El pescado es de esos alimentos que obligatoriamente hacen parte de la dieta de los habitantes del Caribe colombiano, no obstante su consumo se intensifica en los días de Semana Santa, esto motivado por la tradición gastronómica y las prácticas religiosas que invita a suspender la preparación de carne roja. Por todo lo que representa la industria pesquera para la ciudad, la alcaldía distrital realizó un recorrido por sitio autorizado para su comercialización en el Mercado Público.
La Secretearía de Desarrollo Económico visitó las colmenas de la Plazoleta de ‘Pescados y Mariscos’, no sólo para la promoción del lugar, sino también para averiguar el estado en que se encuentran los refrigeradores donde se almacena la carga.
Iván Calderón, jefe de esta cartera, resaltó que cada uno de los puestos de venta cuenta con la debida higiene y desinfección que obliga para estos casos. Resaltó que con el ánimo de brindar garantías sanitarias este escenario, que fue construido en el marco de la recuperación del antiguo mercado, ha propendido a la organización y formalización de los que un día fueron vendedores informales de la ciudad y que ocuparon los antiguos callejones.
“Este es un ambiente seguro sanitariamente. Es una zona donde se consigue un pescado en óptimas condiciones. Cuando compramos aquí estamos logrando dinamizar toda una cadena económica, desde nuestros pescadores artesanales hasta los que comercializan la mercancía. Aquí es donde se puede hacer un buen ahorro”, expresó Calderón.

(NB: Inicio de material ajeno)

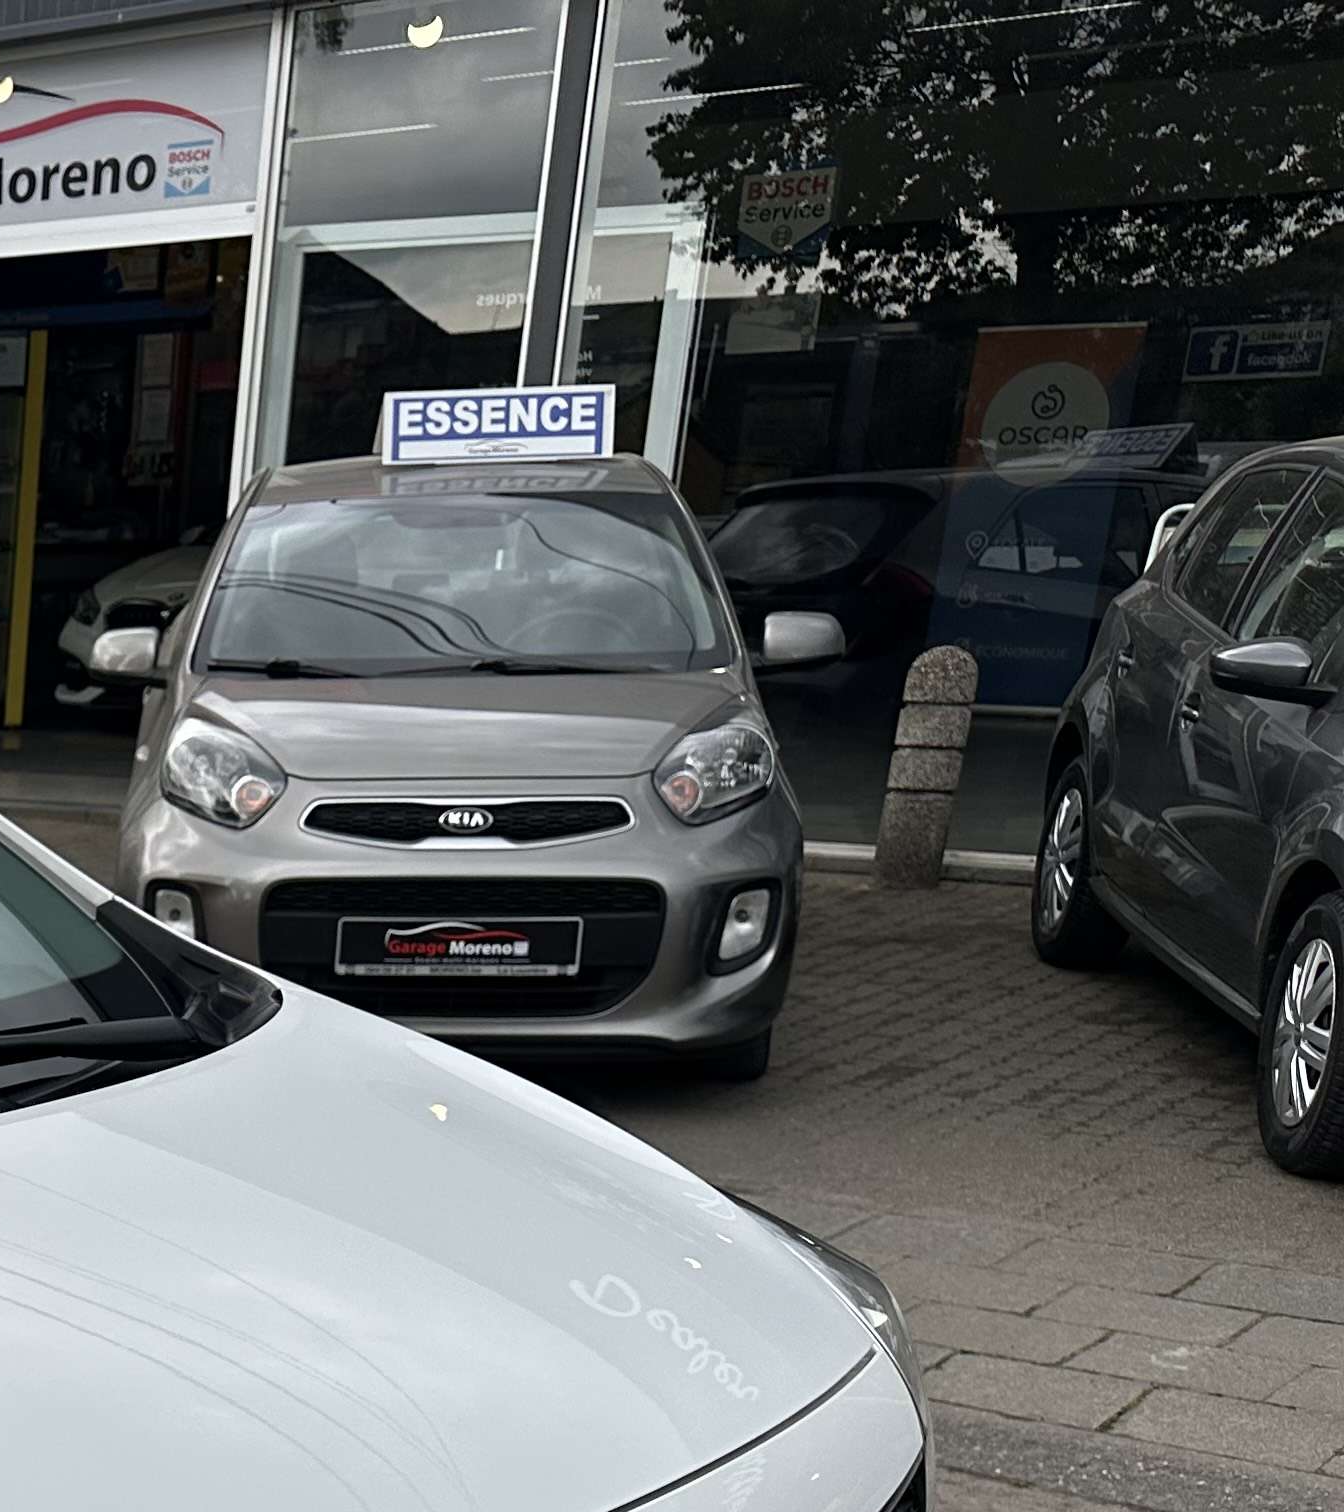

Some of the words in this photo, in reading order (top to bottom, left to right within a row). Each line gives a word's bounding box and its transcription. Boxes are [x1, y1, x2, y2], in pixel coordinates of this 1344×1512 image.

[168, 149, 210, 164] BOSCH
[167, 165, 209, 177] Service
[748, 175, 829, 200] BOSCH
[744, 203, 825, 224] Service
[399, 395, 597, 436] ESSENCE
[998, 425, 1089, 446] OSCAR
[448, 811, 484, 827] KIA
[388, 941, 447, 956] Garage
[449, 941, 512, 955] Moreno

Entre la variedad de frutos del mar que se expenden en esta central, los mismos microempresarios aseguran que la cojinova y el bonito son las especies que más han tenido demanda por parte de samarios y turistas. Asimismo, subrayan que muchos se lamentan que haya bajado la oferta de cachorretas, una especie que estuvo en subienda y puede ser preparada en varias presentaciones.
Julio César Quesada, minorista de pescados, aseguró que su establecimiento las personas pueden encontrar róbalo, jurel, sierra, lebranche, salmones, bagre, mojarra, cachamas, langostinos. “Nosotros nos preocupamos por mantener la cadena de frío para que los productos no se dañen. El comprador al mirar el ojo, el color, las aletas o la escama del pescado se puede dar cuenta si es fresco o no. Los precios son asequibles, el kilo va desde $10.000 hasta $30.000, para que no haya excusas por los valores. Manejamos también la cojinova, el bonito, la turbina y el medregal. La gente está llegando a comprar porque vendemos más baratos que en otro lugar”.